Respondents in their answer dated August 31, 1937, as well as in their oral argument and
memorandums, challenge each and every one of the foregoing proposition raised by the petitioners.

As special defenses, respondents allege:

(1) That the present petition does not state facts sufficient in law to warrant the
issuance of the writ of certiorari or of prohibition.
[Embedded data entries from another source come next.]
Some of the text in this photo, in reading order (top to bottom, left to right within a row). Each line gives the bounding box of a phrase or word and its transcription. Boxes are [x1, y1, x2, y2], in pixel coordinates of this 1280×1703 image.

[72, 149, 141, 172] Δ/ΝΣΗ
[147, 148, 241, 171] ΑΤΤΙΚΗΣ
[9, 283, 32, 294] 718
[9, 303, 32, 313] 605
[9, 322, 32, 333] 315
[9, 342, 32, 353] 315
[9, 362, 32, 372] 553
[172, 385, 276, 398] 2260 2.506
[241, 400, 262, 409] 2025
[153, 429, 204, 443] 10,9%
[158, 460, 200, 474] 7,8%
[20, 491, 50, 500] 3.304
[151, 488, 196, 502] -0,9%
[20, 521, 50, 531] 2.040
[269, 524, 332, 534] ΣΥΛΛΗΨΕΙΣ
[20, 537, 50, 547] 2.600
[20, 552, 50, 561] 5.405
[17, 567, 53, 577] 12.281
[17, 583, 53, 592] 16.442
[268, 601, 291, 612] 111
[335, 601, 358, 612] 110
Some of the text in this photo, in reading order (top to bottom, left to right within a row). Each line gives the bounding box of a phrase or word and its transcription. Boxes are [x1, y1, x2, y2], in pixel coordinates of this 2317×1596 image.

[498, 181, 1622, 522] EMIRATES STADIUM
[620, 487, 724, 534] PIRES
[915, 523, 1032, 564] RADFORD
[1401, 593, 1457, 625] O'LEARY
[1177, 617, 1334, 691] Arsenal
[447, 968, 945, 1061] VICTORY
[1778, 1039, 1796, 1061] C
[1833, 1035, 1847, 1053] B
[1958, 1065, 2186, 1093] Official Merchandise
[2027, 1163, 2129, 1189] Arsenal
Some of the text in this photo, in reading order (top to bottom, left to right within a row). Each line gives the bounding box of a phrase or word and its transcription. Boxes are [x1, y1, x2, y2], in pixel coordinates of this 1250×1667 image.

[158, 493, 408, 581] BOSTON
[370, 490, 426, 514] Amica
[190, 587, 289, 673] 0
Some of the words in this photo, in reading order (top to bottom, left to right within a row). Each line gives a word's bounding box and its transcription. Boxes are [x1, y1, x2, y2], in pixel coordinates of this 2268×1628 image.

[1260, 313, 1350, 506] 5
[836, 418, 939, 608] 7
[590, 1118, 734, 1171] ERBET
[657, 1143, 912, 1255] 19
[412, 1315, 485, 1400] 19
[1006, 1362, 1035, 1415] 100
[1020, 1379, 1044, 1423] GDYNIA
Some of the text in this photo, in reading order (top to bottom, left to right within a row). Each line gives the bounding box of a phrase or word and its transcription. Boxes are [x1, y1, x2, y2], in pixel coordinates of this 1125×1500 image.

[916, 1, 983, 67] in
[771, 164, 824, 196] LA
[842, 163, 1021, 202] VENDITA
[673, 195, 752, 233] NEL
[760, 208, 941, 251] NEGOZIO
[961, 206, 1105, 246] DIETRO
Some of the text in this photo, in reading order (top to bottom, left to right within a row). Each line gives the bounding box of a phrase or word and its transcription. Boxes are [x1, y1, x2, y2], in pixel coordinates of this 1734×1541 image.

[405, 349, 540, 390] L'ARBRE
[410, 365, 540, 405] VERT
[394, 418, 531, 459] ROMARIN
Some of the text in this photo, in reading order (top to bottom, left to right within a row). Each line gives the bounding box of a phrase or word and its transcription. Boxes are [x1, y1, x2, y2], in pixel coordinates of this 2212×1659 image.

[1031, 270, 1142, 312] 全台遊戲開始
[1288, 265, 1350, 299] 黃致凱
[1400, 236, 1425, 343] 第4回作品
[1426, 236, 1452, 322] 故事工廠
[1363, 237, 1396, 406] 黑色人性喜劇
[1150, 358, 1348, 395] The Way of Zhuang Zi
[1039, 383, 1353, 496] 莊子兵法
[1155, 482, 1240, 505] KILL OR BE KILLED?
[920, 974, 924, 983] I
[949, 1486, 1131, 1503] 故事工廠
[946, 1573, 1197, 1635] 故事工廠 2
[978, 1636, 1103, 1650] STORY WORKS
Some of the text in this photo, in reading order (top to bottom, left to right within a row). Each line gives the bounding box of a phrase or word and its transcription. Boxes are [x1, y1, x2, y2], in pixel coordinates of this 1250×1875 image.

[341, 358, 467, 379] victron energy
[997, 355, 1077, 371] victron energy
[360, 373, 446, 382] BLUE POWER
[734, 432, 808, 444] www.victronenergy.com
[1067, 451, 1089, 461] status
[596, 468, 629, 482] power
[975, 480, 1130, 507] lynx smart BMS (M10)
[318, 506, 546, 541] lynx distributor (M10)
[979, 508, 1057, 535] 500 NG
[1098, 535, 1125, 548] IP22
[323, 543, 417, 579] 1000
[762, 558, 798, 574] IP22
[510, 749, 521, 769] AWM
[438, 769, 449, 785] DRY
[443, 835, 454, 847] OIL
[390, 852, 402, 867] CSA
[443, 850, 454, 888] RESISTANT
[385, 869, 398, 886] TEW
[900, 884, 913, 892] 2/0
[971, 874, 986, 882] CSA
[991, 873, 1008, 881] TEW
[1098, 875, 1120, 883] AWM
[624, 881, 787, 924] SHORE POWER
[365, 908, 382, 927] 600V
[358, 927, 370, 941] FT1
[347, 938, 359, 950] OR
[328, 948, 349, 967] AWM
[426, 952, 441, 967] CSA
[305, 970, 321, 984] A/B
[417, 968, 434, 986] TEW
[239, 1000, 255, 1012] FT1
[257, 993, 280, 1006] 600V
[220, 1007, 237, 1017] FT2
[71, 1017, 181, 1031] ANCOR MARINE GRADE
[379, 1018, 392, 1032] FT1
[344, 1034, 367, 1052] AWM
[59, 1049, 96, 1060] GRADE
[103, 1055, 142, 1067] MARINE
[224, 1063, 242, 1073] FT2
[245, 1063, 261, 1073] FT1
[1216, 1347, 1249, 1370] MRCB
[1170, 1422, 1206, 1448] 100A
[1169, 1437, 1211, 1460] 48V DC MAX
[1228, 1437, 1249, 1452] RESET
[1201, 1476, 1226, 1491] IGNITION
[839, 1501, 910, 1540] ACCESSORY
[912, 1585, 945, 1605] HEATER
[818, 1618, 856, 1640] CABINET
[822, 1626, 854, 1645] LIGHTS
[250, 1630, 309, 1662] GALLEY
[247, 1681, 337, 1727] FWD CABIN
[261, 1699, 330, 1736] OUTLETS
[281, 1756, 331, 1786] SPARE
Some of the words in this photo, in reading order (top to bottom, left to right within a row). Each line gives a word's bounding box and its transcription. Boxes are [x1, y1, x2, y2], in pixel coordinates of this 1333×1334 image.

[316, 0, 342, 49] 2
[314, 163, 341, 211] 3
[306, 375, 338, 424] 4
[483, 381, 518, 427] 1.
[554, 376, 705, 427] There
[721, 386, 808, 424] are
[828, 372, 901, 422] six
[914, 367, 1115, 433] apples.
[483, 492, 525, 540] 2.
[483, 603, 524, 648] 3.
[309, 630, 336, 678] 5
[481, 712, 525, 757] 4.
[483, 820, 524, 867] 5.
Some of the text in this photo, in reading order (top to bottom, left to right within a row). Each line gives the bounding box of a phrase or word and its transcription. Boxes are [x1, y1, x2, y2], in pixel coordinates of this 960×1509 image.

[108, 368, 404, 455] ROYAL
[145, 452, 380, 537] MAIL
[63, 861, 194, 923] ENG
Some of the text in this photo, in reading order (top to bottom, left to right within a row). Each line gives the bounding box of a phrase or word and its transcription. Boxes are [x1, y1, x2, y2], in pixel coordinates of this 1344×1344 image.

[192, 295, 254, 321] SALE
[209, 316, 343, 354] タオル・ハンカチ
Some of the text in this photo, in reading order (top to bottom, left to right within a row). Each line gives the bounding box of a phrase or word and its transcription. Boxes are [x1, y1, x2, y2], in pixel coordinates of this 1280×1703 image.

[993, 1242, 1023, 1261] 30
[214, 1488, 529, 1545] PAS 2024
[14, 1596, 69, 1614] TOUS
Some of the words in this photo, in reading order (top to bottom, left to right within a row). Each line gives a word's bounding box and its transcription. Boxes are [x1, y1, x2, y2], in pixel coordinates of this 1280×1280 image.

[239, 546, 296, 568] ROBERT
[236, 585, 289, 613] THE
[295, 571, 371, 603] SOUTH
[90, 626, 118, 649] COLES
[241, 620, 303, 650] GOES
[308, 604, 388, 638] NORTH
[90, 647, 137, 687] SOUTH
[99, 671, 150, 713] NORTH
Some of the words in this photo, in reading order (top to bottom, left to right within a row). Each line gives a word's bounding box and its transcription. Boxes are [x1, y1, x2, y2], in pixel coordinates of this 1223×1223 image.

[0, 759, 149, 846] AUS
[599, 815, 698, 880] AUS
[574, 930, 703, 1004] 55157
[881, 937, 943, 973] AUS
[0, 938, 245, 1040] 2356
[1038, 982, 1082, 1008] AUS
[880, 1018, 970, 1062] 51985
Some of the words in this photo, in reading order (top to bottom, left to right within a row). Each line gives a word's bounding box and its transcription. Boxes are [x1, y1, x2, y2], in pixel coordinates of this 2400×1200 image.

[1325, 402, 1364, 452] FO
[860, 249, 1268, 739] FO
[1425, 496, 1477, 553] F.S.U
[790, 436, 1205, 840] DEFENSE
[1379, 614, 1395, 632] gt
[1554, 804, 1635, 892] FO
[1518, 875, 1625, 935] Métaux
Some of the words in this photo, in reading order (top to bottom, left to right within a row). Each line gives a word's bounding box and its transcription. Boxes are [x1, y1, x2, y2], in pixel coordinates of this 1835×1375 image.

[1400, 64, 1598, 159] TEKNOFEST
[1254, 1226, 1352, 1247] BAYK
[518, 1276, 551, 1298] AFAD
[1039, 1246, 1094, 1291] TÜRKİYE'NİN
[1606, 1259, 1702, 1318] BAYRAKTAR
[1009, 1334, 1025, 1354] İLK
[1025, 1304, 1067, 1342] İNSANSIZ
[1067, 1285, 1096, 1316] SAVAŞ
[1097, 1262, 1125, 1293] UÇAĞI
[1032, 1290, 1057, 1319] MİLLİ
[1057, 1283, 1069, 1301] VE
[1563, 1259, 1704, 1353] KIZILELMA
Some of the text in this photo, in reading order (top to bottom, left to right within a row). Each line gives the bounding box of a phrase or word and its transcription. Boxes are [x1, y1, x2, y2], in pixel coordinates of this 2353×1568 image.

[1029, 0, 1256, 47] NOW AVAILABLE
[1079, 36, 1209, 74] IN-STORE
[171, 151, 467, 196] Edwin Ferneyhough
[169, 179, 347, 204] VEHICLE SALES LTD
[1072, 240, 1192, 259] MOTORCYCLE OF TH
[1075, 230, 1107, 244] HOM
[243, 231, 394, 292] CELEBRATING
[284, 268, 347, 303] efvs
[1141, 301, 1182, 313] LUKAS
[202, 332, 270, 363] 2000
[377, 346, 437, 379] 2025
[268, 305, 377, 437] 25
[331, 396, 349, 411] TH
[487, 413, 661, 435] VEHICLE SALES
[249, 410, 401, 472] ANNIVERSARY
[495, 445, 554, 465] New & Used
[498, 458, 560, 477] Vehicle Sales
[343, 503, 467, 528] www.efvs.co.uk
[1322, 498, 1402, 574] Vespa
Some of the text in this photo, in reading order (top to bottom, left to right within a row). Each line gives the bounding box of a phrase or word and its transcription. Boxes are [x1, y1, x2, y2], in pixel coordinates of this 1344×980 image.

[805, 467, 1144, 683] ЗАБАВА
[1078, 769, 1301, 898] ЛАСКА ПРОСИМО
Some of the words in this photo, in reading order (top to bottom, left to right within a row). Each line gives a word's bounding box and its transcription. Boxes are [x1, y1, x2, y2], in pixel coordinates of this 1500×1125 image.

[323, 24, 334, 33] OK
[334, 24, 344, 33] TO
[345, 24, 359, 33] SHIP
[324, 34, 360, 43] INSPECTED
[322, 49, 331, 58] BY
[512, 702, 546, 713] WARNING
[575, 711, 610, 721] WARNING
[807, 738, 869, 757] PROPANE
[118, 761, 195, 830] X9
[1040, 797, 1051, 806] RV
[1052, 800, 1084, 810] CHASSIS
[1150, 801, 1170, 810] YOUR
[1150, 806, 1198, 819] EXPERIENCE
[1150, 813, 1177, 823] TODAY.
(2) That the aforesaid petition is premature because the remedy sought by the
petitioners is the very same remedy prayed for by them before the trial court and was
still pending resolution before the trial court when the present petition was filed with
this court.

(3) That the petitioners having themselves raised the question as to the execution of
judgment before the trial court, said trial court has acquired exclusive jurisdiction to
resolve the same under the theory that its resolution denying probation is
unappealable.

(4) That upon the hypothesis that this court has concurrent jurisdiction with the Court
of First Instance to decide the question as to whether or not the execution will lie, this
court nevertheless cannot exercise said jurisdiction while the Court of First Instance
has assumed jurisdiction over the same upon motion of herein petitioners
themselves.

(5) That upon the procedure followed by the herein petitioners in seeking to deprive
the trial court of its jurisdiction over the case and elevate the proceedings to this
court, should not be tolerated because it impairs the authority and dignity of the trial
court which court while sitting in the probation cases is "a court of limited jurisdiction
but of great dignity."

(6) That under the supposition that this court has jurisdiction to resolve the question
submitted to and pending resolution by the trial court, the present action would not lie
because the resolution of the trial court denying probation is appealable; for although
the Probation Law does not specifically provide that an applicant for probation may
appeal from a resolution of the Court of First Instance denying probation, still it is a
general rule in this jurisdiction that a final order, resolution or decision of an inferior
court is appealable to the superior court.